Elizabeth Carvalho — São pessoas que não votam, não é?
Michel Wieviorka —
Claro, são pessoas que estão fora do sistema político. Mas, no terrorismo, há também meninas de boa família que se convertem ao Islã e ao radicalismo. Em suma: se passam muitas coisas na sociedade. Então a violência tem algo a ver com as transformações da sociedade na qual eu vivo. Mas não é possível compreender o terrorismo recente sem levar em conta o que se passa na Síria e no Iraque.

Elizabeth Carvalho — Eu gostaria de ouvir o senhor sobre a violência mais assustadora de todas: vivemos ultimamente sob a ameaça de um conflito global, justamente com a escalada dos eventos na Síria. E o único candidato que tem uma postura de fato pacifista é Jean-Luc Mélenchon, que diz não à guerra e quer que a França saia da Otan. O senhor acha que ele está certo?
Michel Wieviorka —
Como analista, eu lhe diria que me parece que um país como a França deve escolher: ou bem quer participar dos assuntos mundiais, ou bem quer vir a ser como a Suíça ou como algum outro país completamente neutro, que não pesa nada nos grandes assuntos do mundo, do ponto de vista geopolítico e militar. A França é o único país da Europa — porque a Inglaterra, o Reino Unido, está saindo — que tem arma nuclear. A França é o único país — com o Reino Unido, de saída — que tem assento no Conselho de Segurança. A França tem um lugar internacional importante.

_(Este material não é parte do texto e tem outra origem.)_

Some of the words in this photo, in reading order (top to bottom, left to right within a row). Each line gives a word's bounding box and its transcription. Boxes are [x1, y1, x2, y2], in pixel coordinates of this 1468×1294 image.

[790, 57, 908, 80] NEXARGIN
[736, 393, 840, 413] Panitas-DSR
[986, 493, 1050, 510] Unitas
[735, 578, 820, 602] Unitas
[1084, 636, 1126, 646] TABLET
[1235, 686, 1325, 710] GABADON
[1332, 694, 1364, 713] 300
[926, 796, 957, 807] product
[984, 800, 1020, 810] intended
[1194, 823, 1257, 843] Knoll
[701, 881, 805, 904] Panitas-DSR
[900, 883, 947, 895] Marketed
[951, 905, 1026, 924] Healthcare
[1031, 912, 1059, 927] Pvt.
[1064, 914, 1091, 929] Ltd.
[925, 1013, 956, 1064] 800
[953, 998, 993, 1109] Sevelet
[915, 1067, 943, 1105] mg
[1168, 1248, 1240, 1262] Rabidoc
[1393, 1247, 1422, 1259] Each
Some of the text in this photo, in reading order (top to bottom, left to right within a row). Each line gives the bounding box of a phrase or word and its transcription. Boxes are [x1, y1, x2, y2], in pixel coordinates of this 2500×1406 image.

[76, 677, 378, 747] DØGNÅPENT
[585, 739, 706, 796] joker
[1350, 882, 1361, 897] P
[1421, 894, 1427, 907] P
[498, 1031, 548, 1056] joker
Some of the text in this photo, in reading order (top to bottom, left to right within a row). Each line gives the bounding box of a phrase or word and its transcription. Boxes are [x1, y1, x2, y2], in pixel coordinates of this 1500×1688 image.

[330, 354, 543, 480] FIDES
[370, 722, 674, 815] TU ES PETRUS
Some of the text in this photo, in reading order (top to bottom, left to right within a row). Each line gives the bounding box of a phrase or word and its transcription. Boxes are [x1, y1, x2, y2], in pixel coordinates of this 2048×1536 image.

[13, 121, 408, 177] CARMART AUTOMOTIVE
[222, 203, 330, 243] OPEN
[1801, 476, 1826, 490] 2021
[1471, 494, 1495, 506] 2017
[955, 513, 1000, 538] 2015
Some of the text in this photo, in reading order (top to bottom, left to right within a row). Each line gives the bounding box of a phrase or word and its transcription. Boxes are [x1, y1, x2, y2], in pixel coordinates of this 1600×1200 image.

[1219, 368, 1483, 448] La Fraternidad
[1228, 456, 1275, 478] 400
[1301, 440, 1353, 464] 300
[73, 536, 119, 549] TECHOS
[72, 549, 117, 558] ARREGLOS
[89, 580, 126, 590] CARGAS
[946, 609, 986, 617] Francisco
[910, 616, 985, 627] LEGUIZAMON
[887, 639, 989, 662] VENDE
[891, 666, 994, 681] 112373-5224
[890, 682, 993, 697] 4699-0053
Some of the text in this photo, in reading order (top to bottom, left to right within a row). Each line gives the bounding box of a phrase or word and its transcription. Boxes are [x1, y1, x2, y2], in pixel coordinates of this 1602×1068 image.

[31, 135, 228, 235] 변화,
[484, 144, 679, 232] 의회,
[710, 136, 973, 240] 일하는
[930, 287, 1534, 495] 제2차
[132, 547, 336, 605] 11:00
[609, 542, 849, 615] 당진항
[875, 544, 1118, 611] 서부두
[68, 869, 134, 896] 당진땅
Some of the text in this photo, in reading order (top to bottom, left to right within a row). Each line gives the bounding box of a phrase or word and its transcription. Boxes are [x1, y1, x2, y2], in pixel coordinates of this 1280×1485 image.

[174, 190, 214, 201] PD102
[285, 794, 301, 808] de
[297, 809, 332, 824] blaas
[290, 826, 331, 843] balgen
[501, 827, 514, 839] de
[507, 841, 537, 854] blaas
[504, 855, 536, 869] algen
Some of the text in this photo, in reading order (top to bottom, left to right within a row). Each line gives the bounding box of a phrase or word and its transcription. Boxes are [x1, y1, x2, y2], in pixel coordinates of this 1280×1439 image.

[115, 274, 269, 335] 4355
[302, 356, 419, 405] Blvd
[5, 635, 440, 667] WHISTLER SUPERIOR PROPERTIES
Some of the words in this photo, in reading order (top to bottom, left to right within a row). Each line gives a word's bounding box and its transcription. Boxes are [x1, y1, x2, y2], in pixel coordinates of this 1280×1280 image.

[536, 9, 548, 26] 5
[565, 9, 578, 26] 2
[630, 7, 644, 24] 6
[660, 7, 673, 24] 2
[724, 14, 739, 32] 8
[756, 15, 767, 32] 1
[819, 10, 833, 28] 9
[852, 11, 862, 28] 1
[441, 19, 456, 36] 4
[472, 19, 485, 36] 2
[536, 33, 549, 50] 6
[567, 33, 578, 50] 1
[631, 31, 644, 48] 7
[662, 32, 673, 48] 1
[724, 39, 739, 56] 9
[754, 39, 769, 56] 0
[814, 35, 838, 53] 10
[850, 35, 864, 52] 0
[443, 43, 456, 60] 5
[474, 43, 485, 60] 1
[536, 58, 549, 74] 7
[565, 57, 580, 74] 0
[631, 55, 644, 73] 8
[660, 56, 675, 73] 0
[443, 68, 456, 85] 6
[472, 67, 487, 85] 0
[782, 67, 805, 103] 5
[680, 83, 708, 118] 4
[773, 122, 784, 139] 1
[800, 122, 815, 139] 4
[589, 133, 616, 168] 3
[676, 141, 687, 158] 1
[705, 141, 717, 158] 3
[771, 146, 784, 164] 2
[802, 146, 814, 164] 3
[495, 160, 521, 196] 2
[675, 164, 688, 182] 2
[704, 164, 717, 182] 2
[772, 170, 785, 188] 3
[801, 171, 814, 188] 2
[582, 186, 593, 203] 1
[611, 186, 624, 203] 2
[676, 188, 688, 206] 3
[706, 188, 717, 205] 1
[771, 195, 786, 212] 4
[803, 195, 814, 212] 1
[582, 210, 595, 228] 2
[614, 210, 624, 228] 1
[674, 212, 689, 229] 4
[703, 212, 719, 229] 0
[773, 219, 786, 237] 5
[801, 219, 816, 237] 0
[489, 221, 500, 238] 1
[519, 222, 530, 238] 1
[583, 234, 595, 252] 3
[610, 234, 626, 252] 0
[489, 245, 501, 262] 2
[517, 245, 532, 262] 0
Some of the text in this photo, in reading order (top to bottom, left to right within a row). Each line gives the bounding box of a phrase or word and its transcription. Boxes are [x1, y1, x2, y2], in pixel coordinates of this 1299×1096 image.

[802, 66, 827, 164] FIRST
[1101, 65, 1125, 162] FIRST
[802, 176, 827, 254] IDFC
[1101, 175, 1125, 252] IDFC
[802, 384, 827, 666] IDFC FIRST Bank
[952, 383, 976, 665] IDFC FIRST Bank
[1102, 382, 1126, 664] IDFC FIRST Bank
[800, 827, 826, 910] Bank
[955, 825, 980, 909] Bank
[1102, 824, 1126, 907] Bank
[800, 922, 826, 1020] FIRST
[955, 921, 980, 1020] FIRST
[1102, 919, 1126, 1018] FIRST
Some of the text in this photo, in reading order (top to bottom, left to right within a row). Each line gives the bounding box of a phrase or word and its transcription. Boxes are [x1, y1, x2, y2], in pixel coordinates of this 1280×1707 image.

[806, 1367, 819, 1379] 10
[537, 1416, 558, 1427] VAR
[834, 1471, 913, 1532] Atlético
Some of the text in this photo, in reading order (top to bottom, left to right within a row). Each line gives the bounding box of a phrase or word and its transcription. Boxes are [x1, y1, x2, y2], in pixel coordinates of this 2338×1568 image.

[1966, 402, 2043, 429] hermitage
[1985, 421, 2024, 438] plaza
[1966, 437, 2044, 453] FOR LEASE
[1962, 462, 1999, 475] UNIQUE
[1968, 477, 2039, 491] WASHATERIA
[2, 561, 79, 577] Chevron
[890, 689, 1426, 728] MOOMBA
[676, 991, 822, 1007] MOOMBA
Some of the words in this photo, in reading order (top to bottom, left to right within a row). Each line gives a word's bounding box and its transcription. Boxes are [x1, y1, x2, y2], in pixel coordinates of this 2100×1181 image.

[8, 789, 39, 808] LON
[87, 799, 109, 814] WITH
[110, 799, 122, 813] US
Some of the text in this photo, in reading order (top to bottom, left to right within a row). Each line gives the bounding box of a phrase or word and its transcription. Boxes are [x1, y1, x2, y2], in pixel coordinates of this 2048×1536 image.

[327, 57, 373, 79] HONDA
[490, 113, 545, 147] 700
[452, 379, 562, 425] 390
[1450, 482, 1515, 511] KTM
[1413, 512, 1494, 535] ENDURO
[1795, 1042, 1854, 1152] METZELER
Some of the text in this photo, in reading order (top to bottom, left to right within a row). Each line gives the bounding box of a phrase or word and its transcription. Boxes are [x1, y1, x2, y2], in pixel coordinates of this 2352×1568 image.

Elizabeth Carvalho — E um peso ainda, mesmo que fraco.
Michel Wieviorka —
Então dizer à França: “Vamos sair de todo tipo de intervenção militar”… Não digo isso para defender as intervenções militares, mas “tornemo-nos um país neutro”, isso se torna um problema no que se refere à importância geopolítica, estratégica que esse país possa ter. Então, as críticas vêm daí. Mas, ao mesmo tempo, como você quer que a França resolva um problema como esse do terrorismo, se voltarmos à análise que propus há pouco? Eu disse: é preciso andar sobre duas pernas. O terrorismo é, de um lado, um problema interno da sociedade francesa e, de outro, um problema geopolítico, é o Daesh. Se o Daesh não desaparecer, o terrorismo vai continuar. E, para que o terrorismo desapareça, infelizmente, as únicas respostas são bélicas, são militares. Mas os franceses resistem à ideia de que seu país possa estar fora desta potência. É isso que desce mal, mas que pode também agradar a um certo eleitorado.